Contiguous Patches of Translational Hydration Dynamics on the Surface of K-Ras

Abstract

Proteins involved in signaling pathways represent an interesting target for experimental analysis by ODNP (Overhauser Dynamic Nuclear Polarization), which determines the translational mobility at the surface of proteins. They also represent a challenge, since the hydration dynamics at all sites remains relatively rapid, requiring sensitive measurements capable of drawing finer distinctions. Targeting the protein K-Ras, we find ODNP cross-relaxivity values that appear consistent within similar regions of 3D space, regardless of the specific residue where the spin probe used to select the location has been attached.
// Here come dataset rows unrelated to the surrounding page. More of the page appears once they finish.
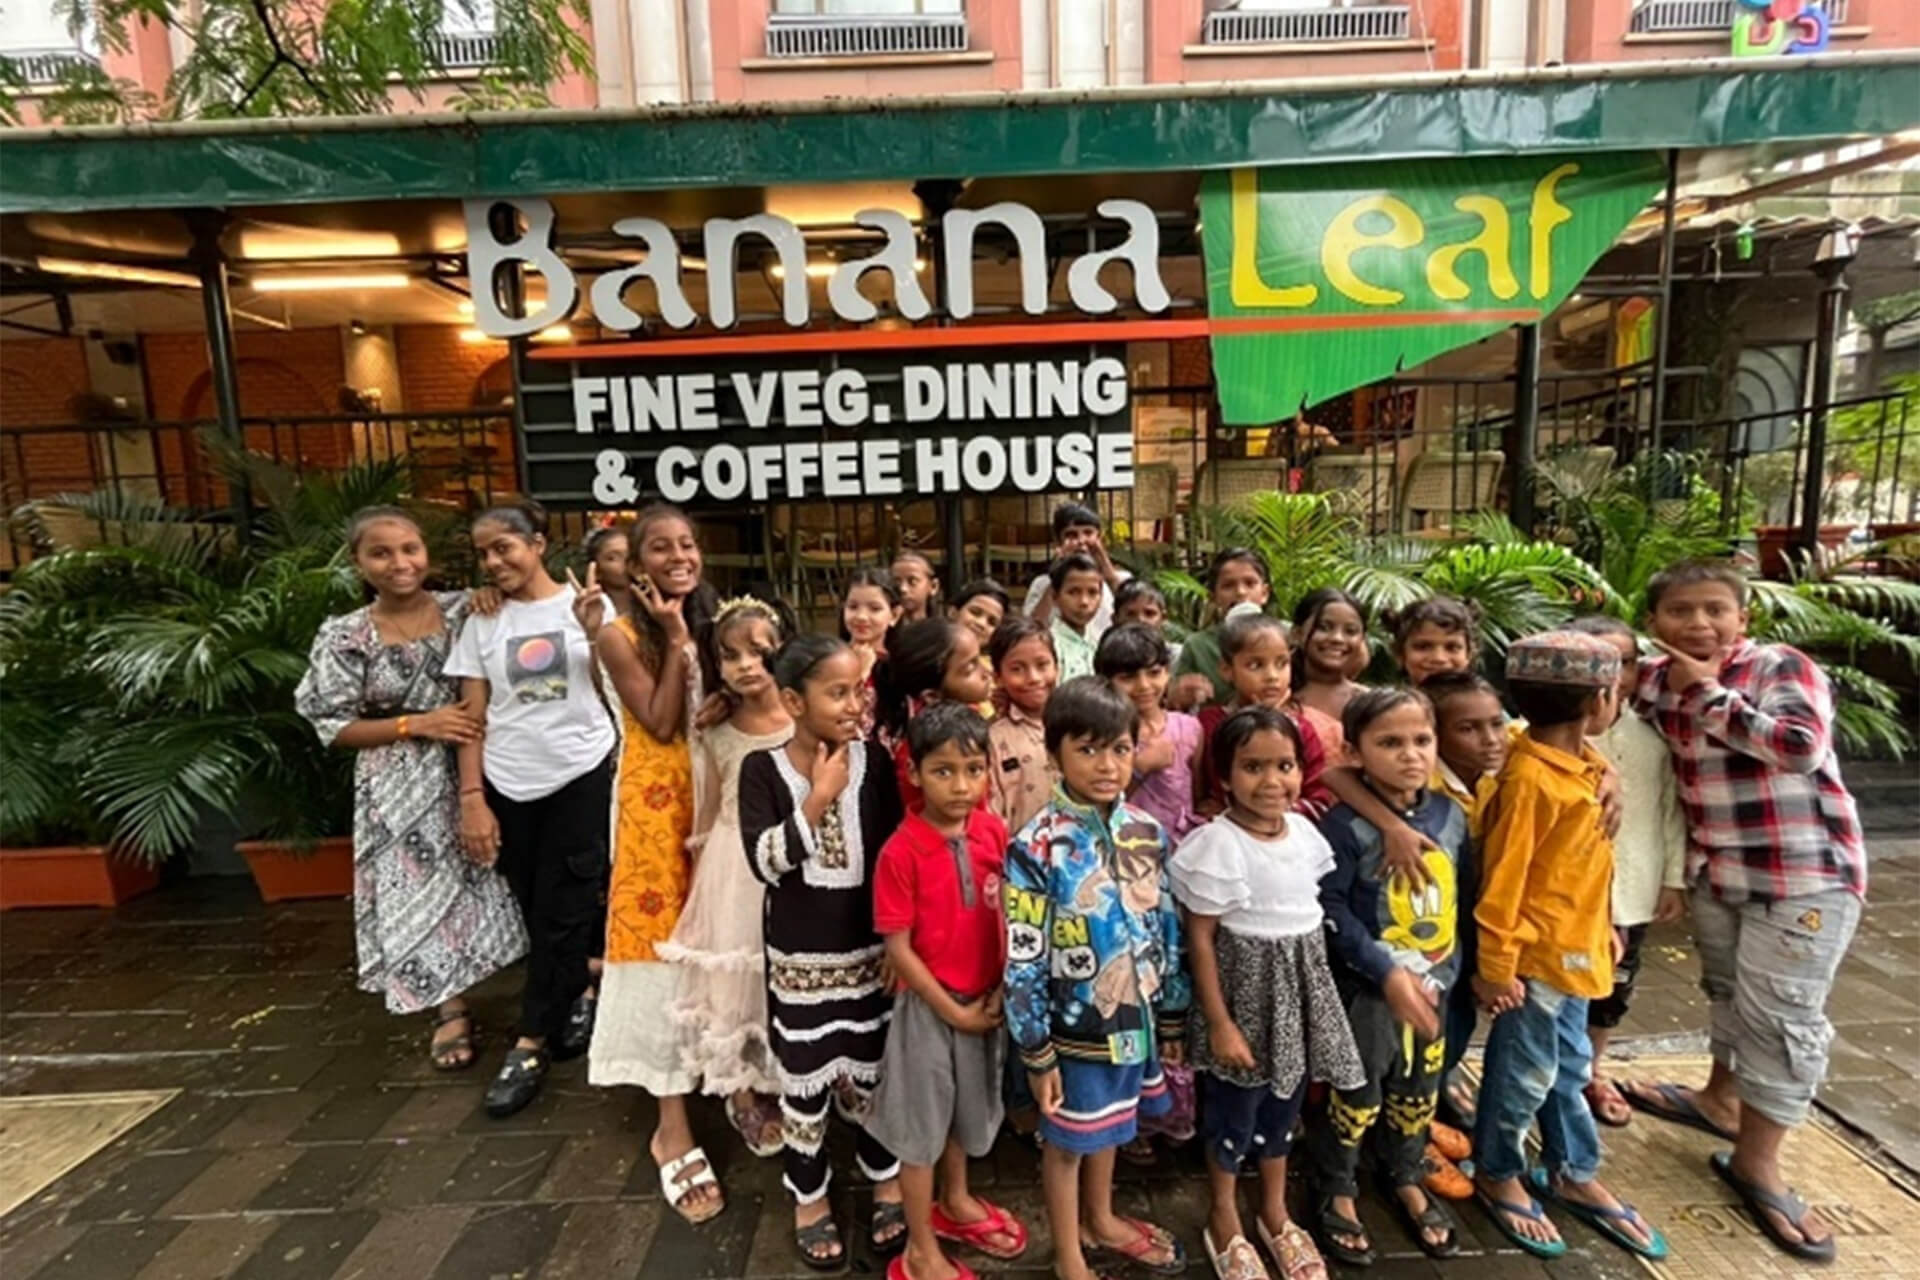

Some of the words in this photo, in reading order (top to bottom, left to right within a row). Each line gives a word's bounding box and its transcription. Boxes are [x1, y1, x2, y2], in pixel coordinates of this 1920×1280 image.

[463, 199, 1171, 337] Banana
[1231, 162, 1580, 307] Leaf
[572, 374, 719, 433] FINE
[731, 369, 891, 429] VEG.
[903, 357, 1128, 422] DINING
[592, 449, 640, 505] &
[655, 440, 902, 502] COFFEE
[916, 432, 1135, 493] HOUSE
The similar dynamics observed from nearby residues indicate a persistence/uniformity of the translational dynamics of water on the nanometer scale. This results makes sense, since it essentially means that the dynamics of water remains consistent over a lengthscale (a nanometer) over which liquid water exhibits structural persistence (i.e. its correlation length). This opens up the possibility of strategically and comprehensively mapping out the hydration layer in aqueous solution and identifying regions that contribute significantly to the free energy of binding interactions -- for example, slow water that might contribute significant entropy, or regions with strongly temperature-dependent water mobility that might contribute significant enthalpy.